F06 Fun With Fourier Transforms
- The continuous signal x(t) = sin(2*pi*100*t) was sampled with sampling period T = 1/400 second to obtain a discrete-time signal x[n]. What is the resulting signal x[n]?
- The sequence x[n] = cos(pi*n/4) was obtained by sampling a continuous time signal x(t) = cos(omega * t), at a sampling rate of 1000 samples per second. What are two possible positive values of omega that could have resulted in the sequence x[n]?
- The continuous-time signal x(t) = cos(4000*pi*t) is sampled with a sampling period T to obtain a discrete-time signal x[n] = cos(pi*n/3). (a) Determine a choice for T consistent with this information. (b) Is your choice of T in part(a) unique? If so, explain why. If not, specify another choice of T consistent with the information given.
- The continuous-time signal x(t) = sin(20*pi*t) + cos(40*pi*t) is sampled with a sampling period T to obtain the discrete-time signal x[n] = sin(pi*n/5) + cos(2*pi*n/5). (a) Determine a choice for T consistent with this information. (b) Is your choice of T in part(a) unique? If so, explain why. If not, specify another choice of T consistent with the information given.
- Sketch the magnitude Fourier transform of each of the following functions. I?m not concerned about the absolute scale of the Y-axis but I am concerned about the scale of the X (frequency) axis.
- sin(2*pi*10*t)
- abs(t) < 0.1 (box of width 0.2 seconds)

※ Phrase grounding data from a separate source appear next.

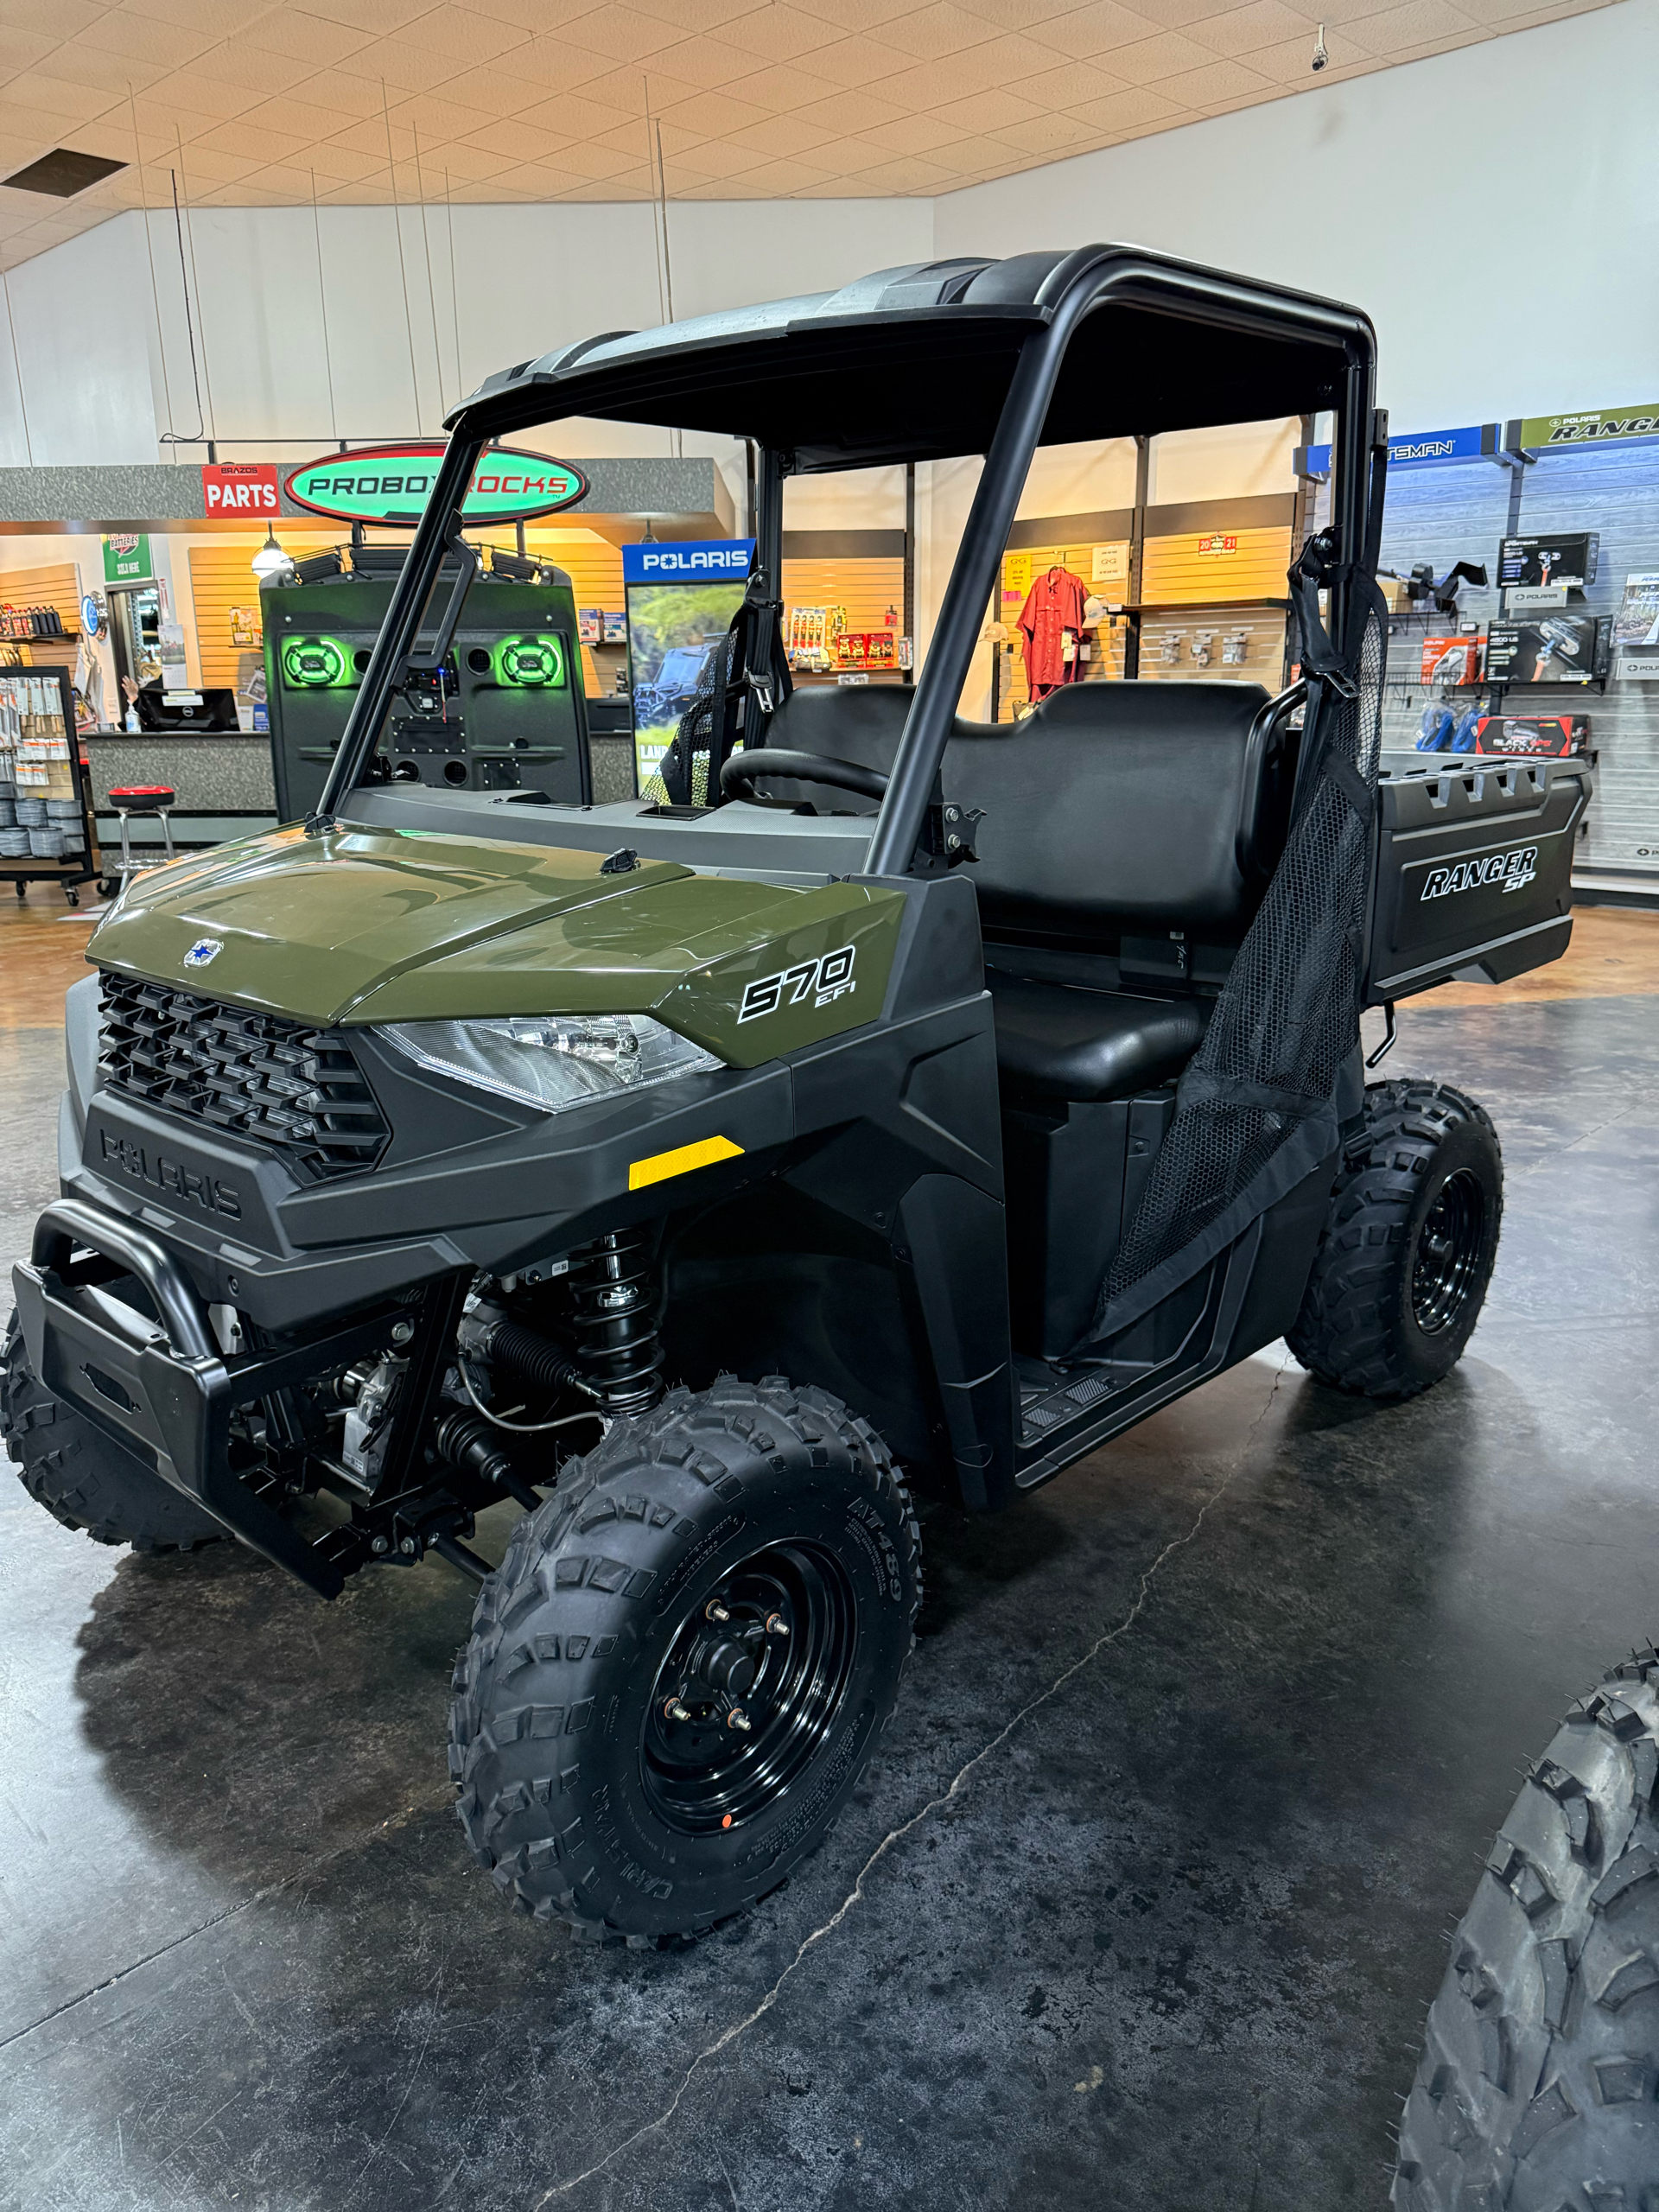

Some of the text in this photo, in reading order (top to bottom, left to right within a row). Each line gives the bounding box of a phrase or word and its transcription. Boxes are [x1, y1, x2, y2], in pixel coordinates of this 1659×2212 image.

[1562, 415, 1601, 425] POLARIS
[207, 484, 276, 507] PARTS
[467, 476, 568, 493] OCKS
[111, 536, 138, 548] BATTERIES
[1199, 540, 1210, 550] 20
[1226, 537, 1236, 548] 21
[643, 550, 748, 570] POLARIS
[1420, 846, 1538, 901] RANGER
[1502, 872, 1536, 893] SP
[737, 944, 856, 1025] 570
[814, 981, 856, 1008] EFI
[100, 1128, 242, 1222] POLARIS
[847, 1496, 886, 1529] AT
[877, 1530, 902, 1602] 489

- mod(t, 0.1) == 0 (a comb with 0.1 second spacing)
- sin(2*pi*10*t) * sin(2*pi*100*t)
- exp(-t^2/2) (Gaussian with standard deviation = 1)

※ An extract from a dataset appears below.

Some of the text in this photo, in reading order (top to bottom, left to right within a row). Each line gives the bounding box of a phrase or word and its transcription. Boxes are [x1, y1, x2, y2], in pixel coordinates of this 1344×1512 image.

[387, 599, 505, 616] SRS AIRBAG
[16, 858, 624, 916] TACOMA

- exp(-t^2/2) * sin(2*pi*10*t) (product of Gaussian and sine)
- The derivative with respect to time of sin(2*pi*f*t) is 2*pi*f*cos(2*pi*f*t). What does this tell you about the effect of differentiation on the Fourier transform of a signal?
- Explain why filtering after uniform sampling is, in general, not effective for anti-aliasing.

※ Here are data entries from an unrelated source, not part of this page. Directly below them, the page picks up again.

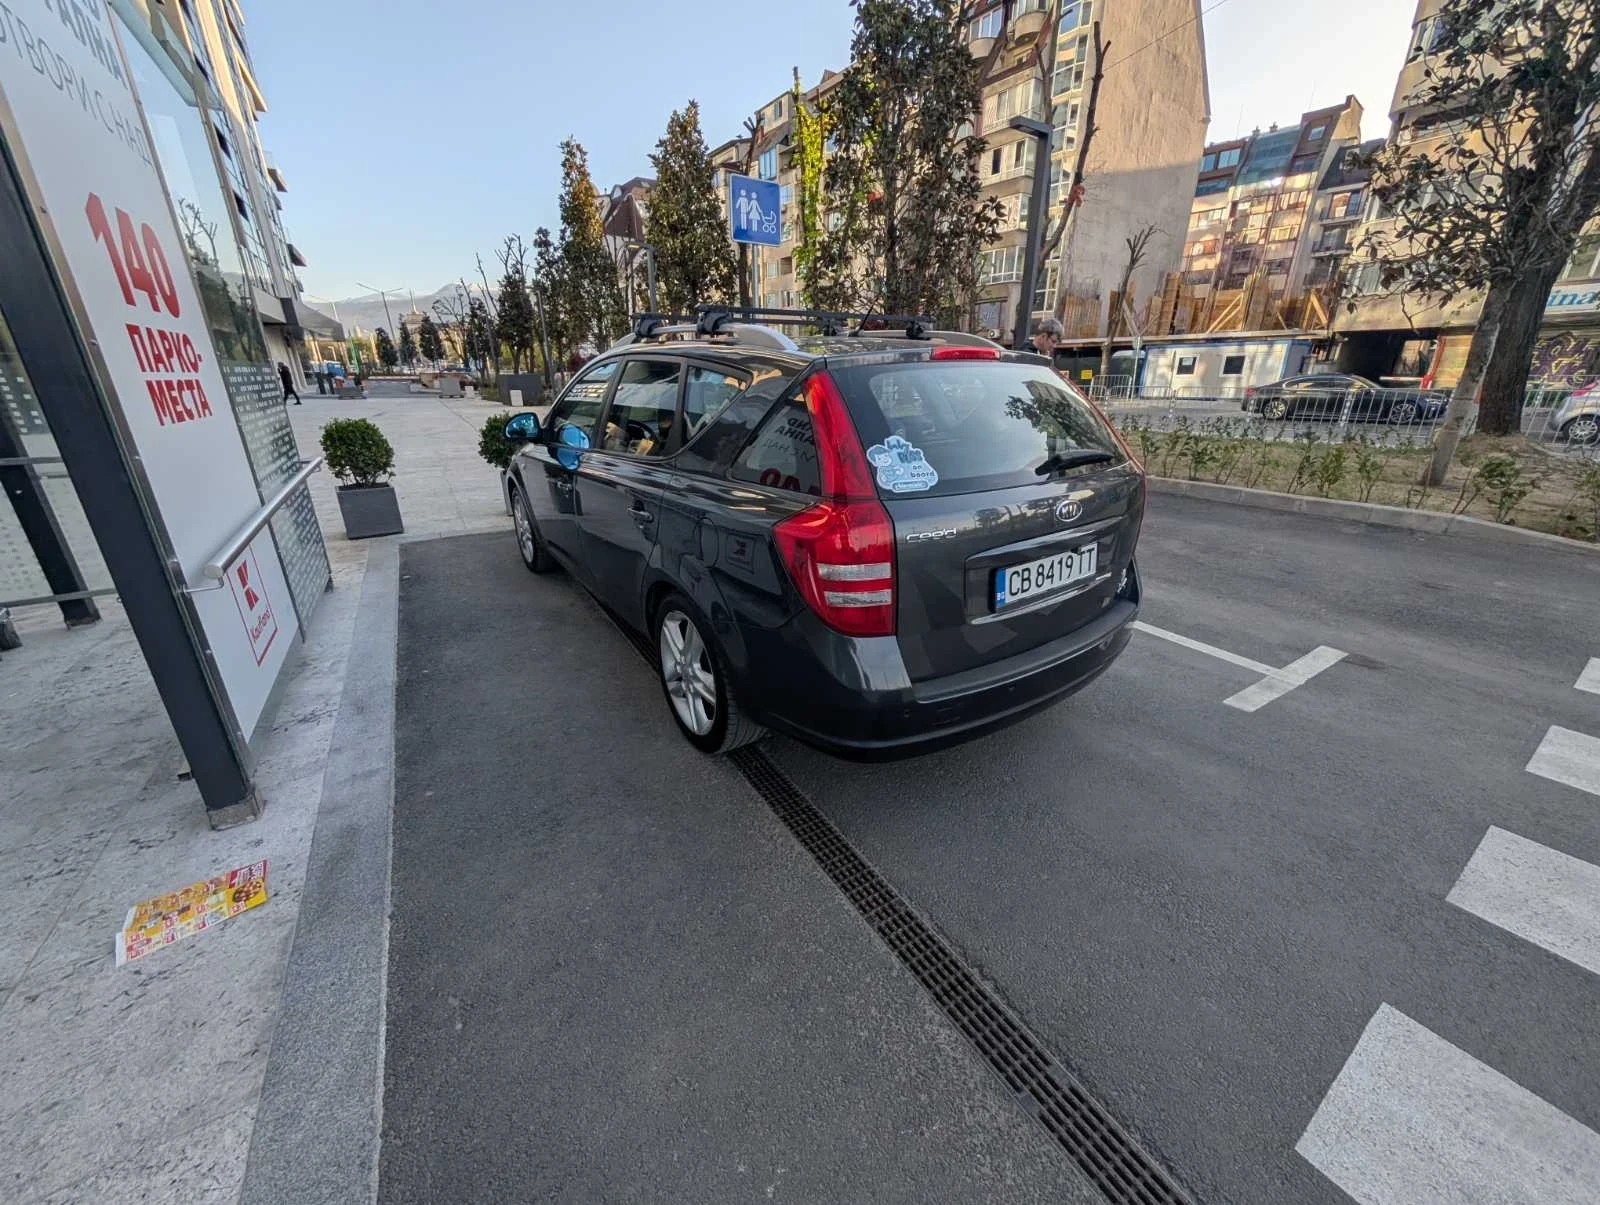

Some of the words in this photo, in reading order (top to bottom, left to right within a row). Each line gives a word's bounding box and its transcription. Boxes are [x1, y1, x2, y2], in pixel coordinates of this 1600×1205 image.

[85, 191, 180, 319] 140
[125, 323, 203, 374] ПАРКО-
[145, 379, 213, 426] МЕСТА
[910, 470, 935, 478] board
[1009, 569, 1032, 597] CB
[1035, 555, 1073, 587] 8419

- Explain why filtering after uniform sampling is so commonly used for anti-aliasing and why it usually is effective.
- In the discrete Fourier transform of an image that is 512 by 512 pixels, what is the lowest non-zero frequency represented? What is the highest frequency?
- Download the images (oldwell1.tif, oldwell2.tif) attached to this page. Compute the 2D DFT of each (I=fft2(i)). Extract the magnitude (M=abs(I)) and phase (P=angle(I)) of each. Then reconstruct 2 new images by combining the magnitude of 1 with the phase of 2, and the magnitude of 2 with the phase of 1 (i12=real(ifft2(M1.*exp(1i*P2)))). Compare the original two images to the new pair of images. I recommend you make sure you’re doing the last step correctly by reconstructing i11 from M1 and P1 and make sure it looks like you expected.